What is needed:
Repeat the whole listing word for word, skipping pictures.

————

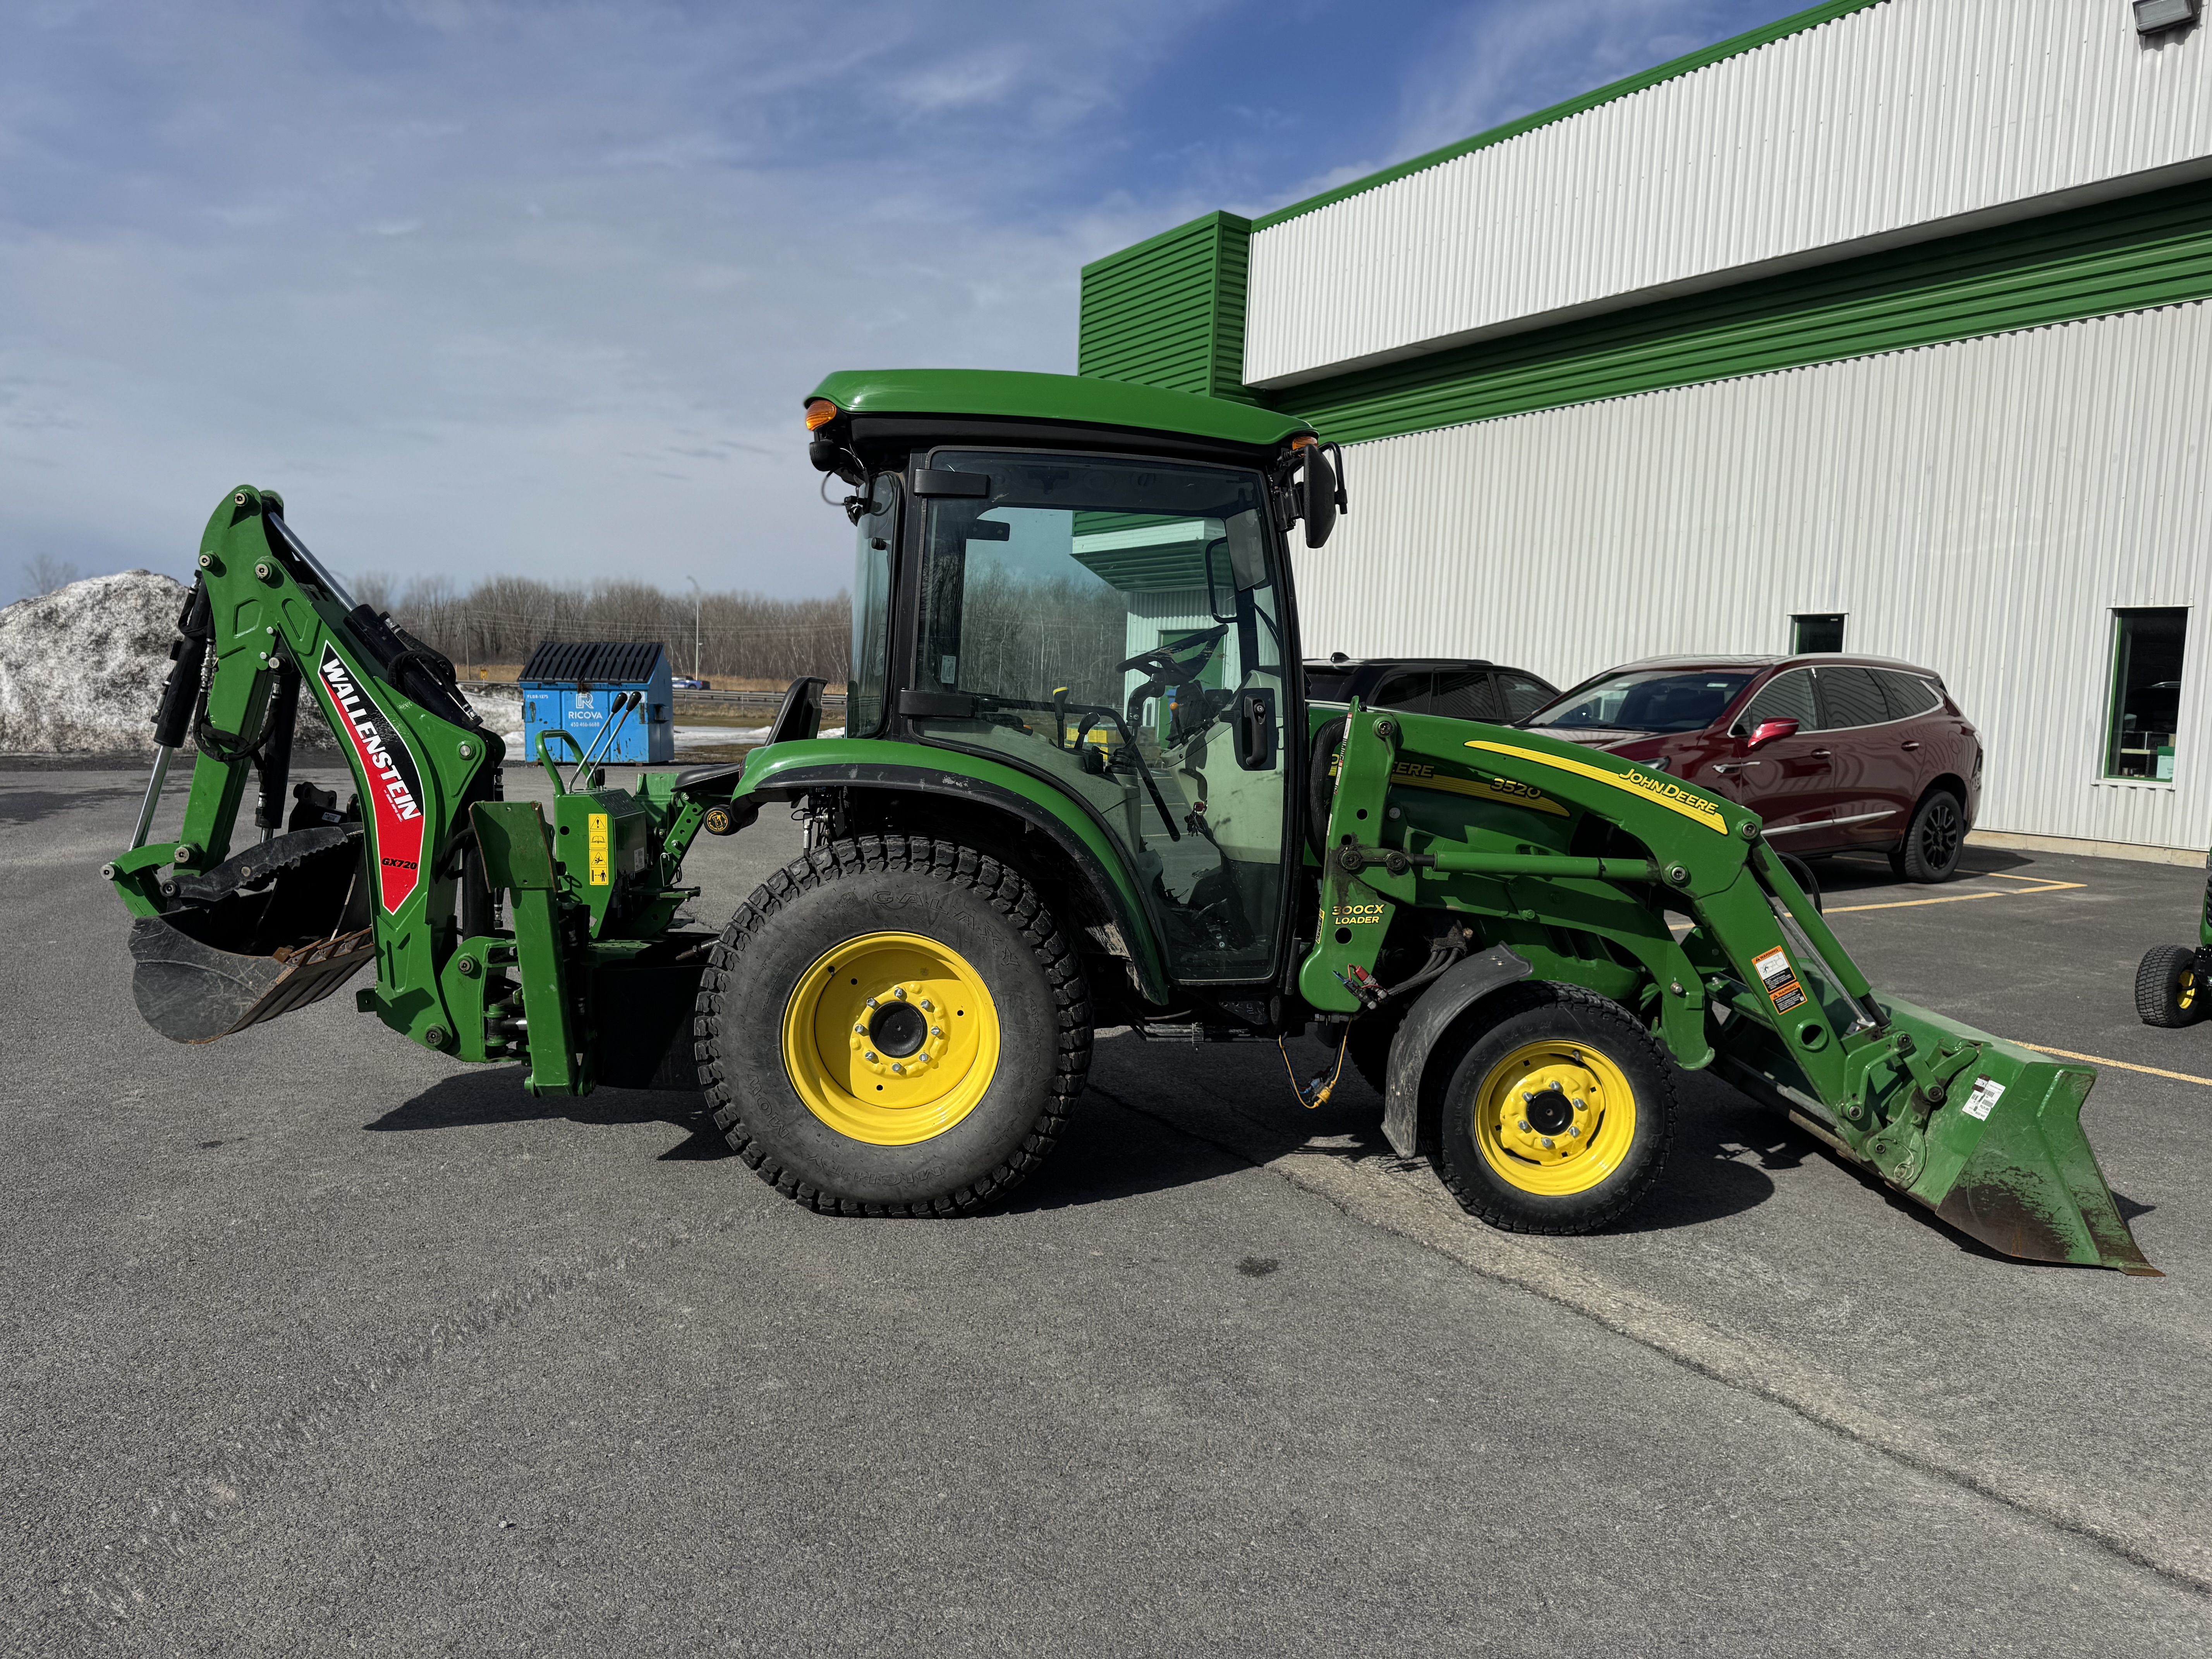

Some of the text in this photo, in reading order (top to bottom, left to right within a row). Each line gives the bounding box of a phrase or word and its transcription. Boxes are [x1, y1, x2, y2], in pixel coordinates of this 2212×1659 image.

[323, 658, 422, 820] WALLENSTEIN
[1391, 761, 1541, 798] ERE 3520
[1619, 768, 1719, 814] JOHN DEERE
[381, 857, 417, 870] GX720
[1332, 904, 1385, 915] 300CX
[1335, 916, 1380, 925] LOADER
[872, 890, 1021, 967] GALAXY
[1760, 948, 1778, 960] WARNING
[1778, 984, 1797, 996] WARNING
[747, 1073, 944, 1186] MIGHTY MOW

————

Response to this task:
Some of the text in this photo, in reading order (top to bottom, left to right within a row). Each line gives the bounding box of a phrase or word and its transcription. Boxes are [x1, y1, x2, y2], in pixel coordinates of this 2212×1659 image.

[323, 658, 422, 820] WALLENSTEIN
[1391, 761, 1541, 798] ERE 3520
[1619, 768, 1719, 814] JOHN DEERE
[381, 857, 417, 870] GX720
[1332, 904, 1385, 915] 300CX
[1335, 916, 1380, 925] LOADER
[872, 890, 1021, 967] GALAXY
[1760, 948, 1778, 960] WARNING
[1778, 984, 1797, 996] WARNING
[747, 1073, 944, 1186] MIGHTY MOW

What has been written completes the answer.